Russian politician (born 1965)

Alexander Georgievich Varfolomeev (Александр Георгиевич Варфоломеев; born 4 June 1965) is a Russian politician serving as a senator from Buryatia since 19 September 2018.

==Biography==

Alexander Varfolomeev was born on 4 June 1965. In 1987, he graduated from the Irkutsk State University. In 2000, he also received a degree from the East Siberia State University of Technology and Management. After that, he worked as a journalist in Mukhorshibir. He was also a member of the Communist Party of the Soviet Union.

From 1988 to 1991, he was the first secretary of the Mukhorshibir district committee of the Komsomol. In 1994, Varfolomeev started working as an assistant to the senator from the People's Khural of the Republic of Buryatia Lidya Nimaeva. Later he was appointed as a deputy head of the first president of Buryatia Leonid Potapov. From 1998 to 2013, he served as a deputy of the People's Khural of the Republic of Buryatia. Since 18 September 2013, he has served as a Senator from the People's Khural of the Republic of Buryatia. Varfolomeev was re-elected in September 2018.

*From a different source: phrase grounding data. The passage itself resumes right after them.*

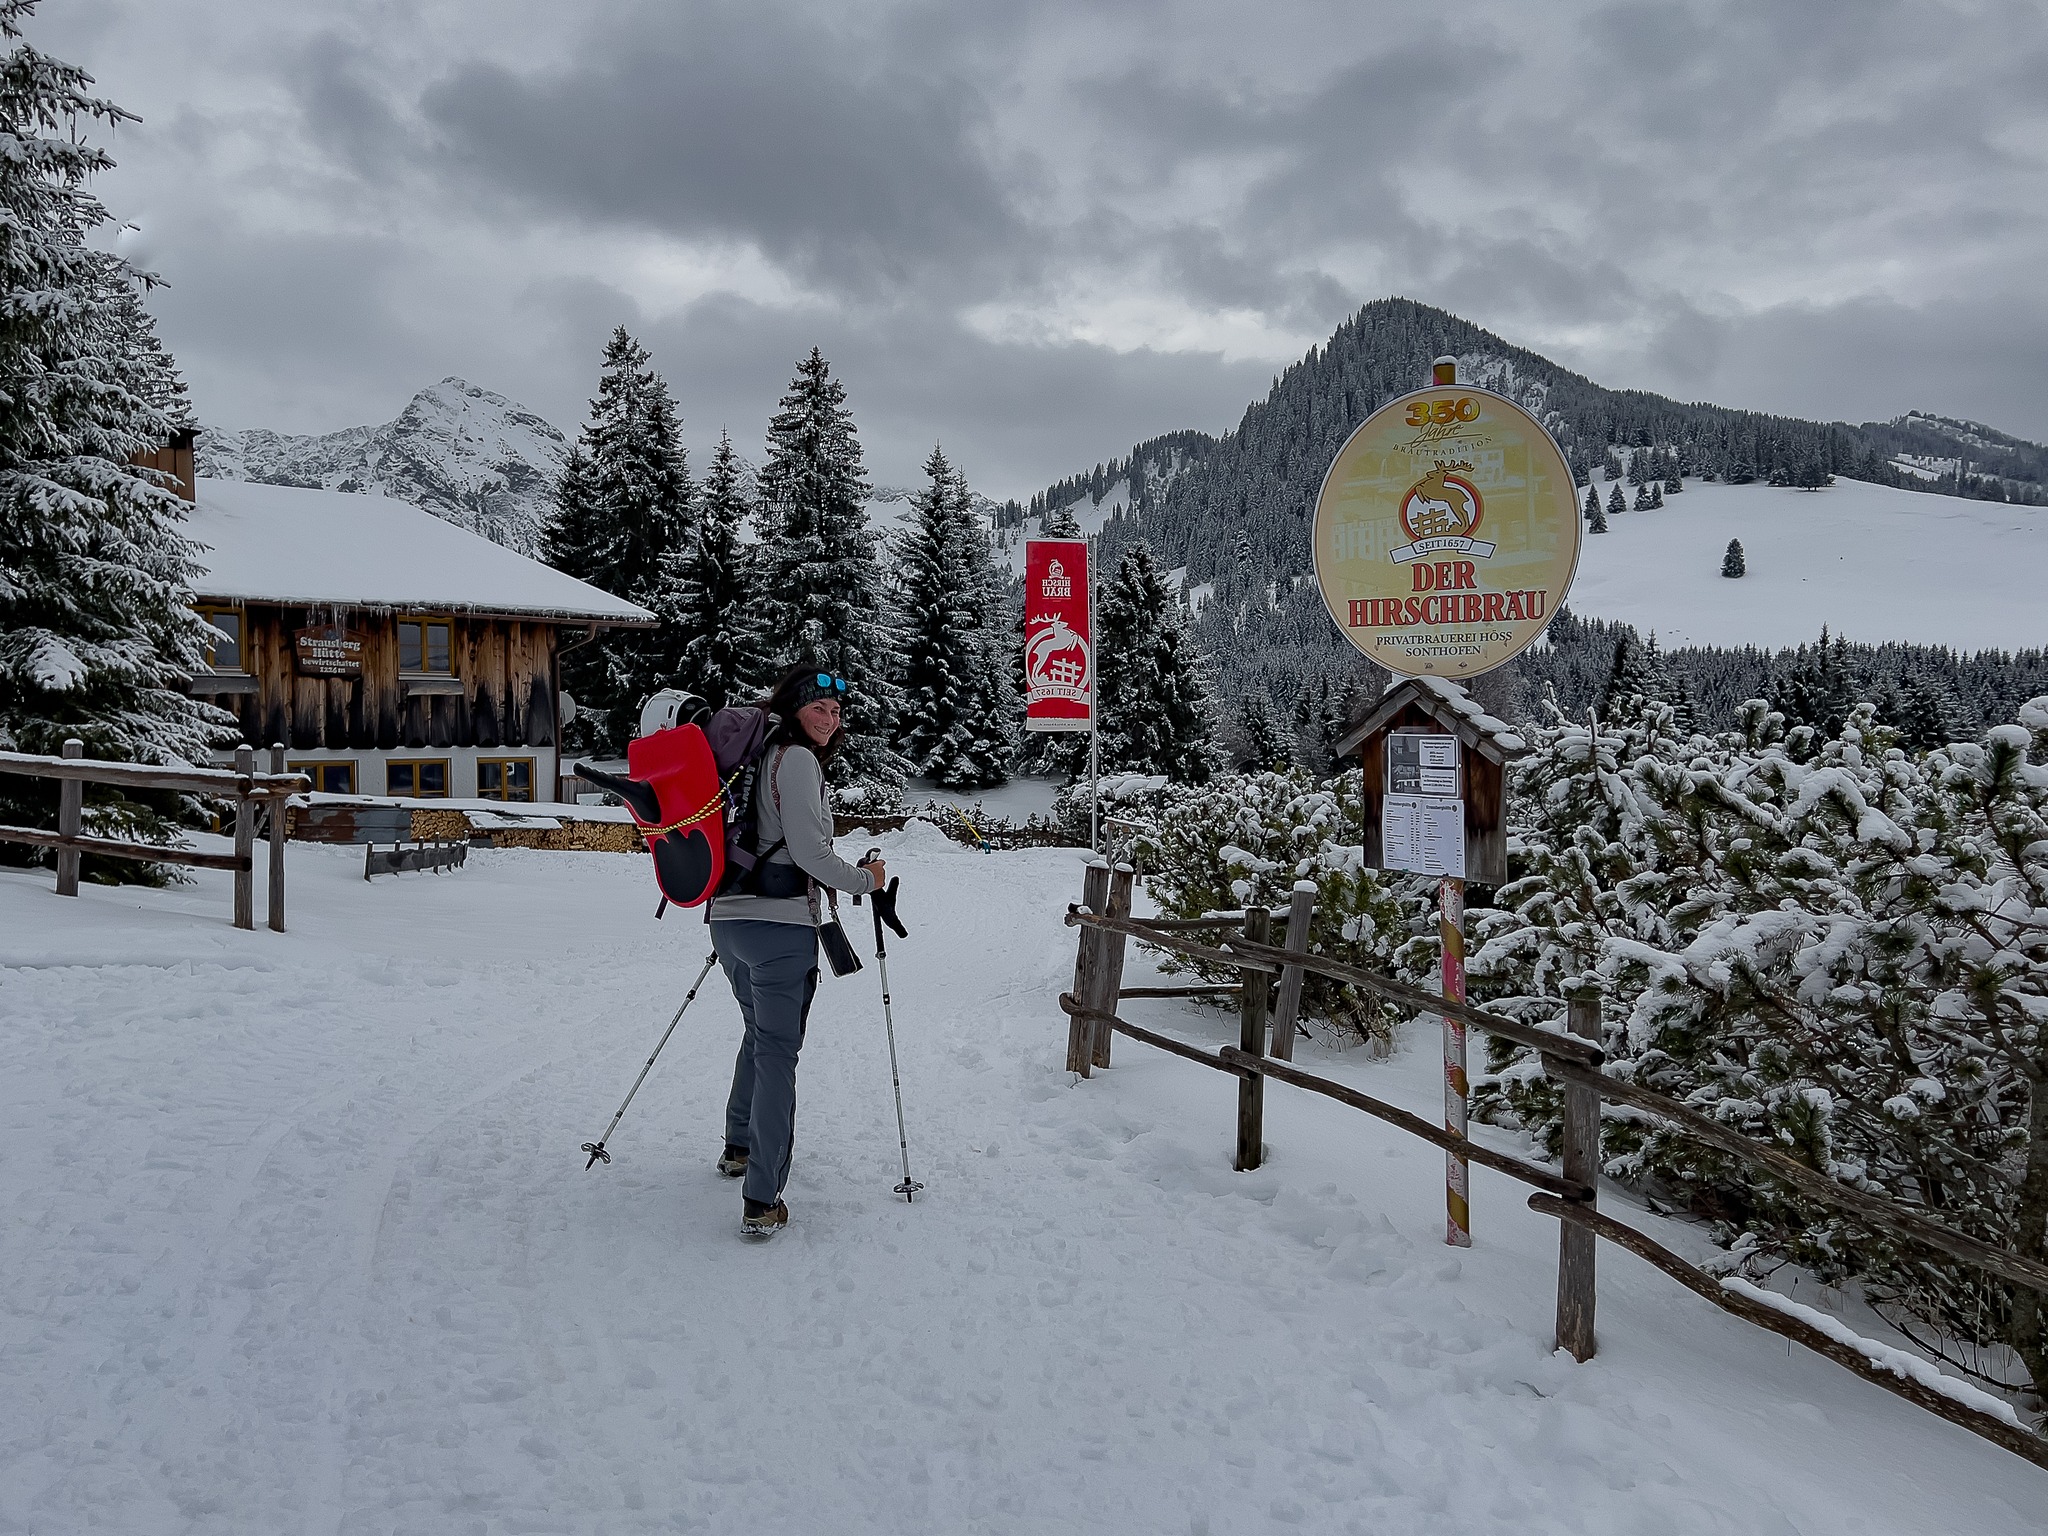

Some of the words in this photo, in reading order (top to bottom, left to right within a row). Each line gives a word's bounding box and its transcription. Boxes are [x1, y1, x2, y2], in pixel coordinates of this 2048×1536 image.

[1405, 397, 1481, 428] 350
[1393, 435, 1493, 457] BRAUTRADITION
[1418, 538, 1442, 551] SEIT
[1443, 537, 1466, 549] 1657
[1411, 560, 1478, 593] DER
[1348, 590, 1548, 628] HIRSCHBRÄU
[300, 637, 361, 651] Strausberg
[1376, 634, 1477, 647] PRIVATBRAUEREI
[1480, 629, 1513, 643] HÖSS
[312, 648, 346, 659] Hütte
[1405, 645, 1482, 657] SONTHOFEN
[302, 658, 360, 667] bewirtschaftet

Varfolomeev is under personal sanctions introduced by the European Union, the United Kingdom, the USA, Canada, Switzerland, Australia, Ukraine, New Zealand, for ratifying the decisions of the "Treaty of Friendship, Cooperation and Mutual Assistance between the Russian Federation and the Donetsk People's Republic and between the Russian Federation and the Luhansk People's Republic" and providing political and economic support for Russia's annexation of Ukrainian territories.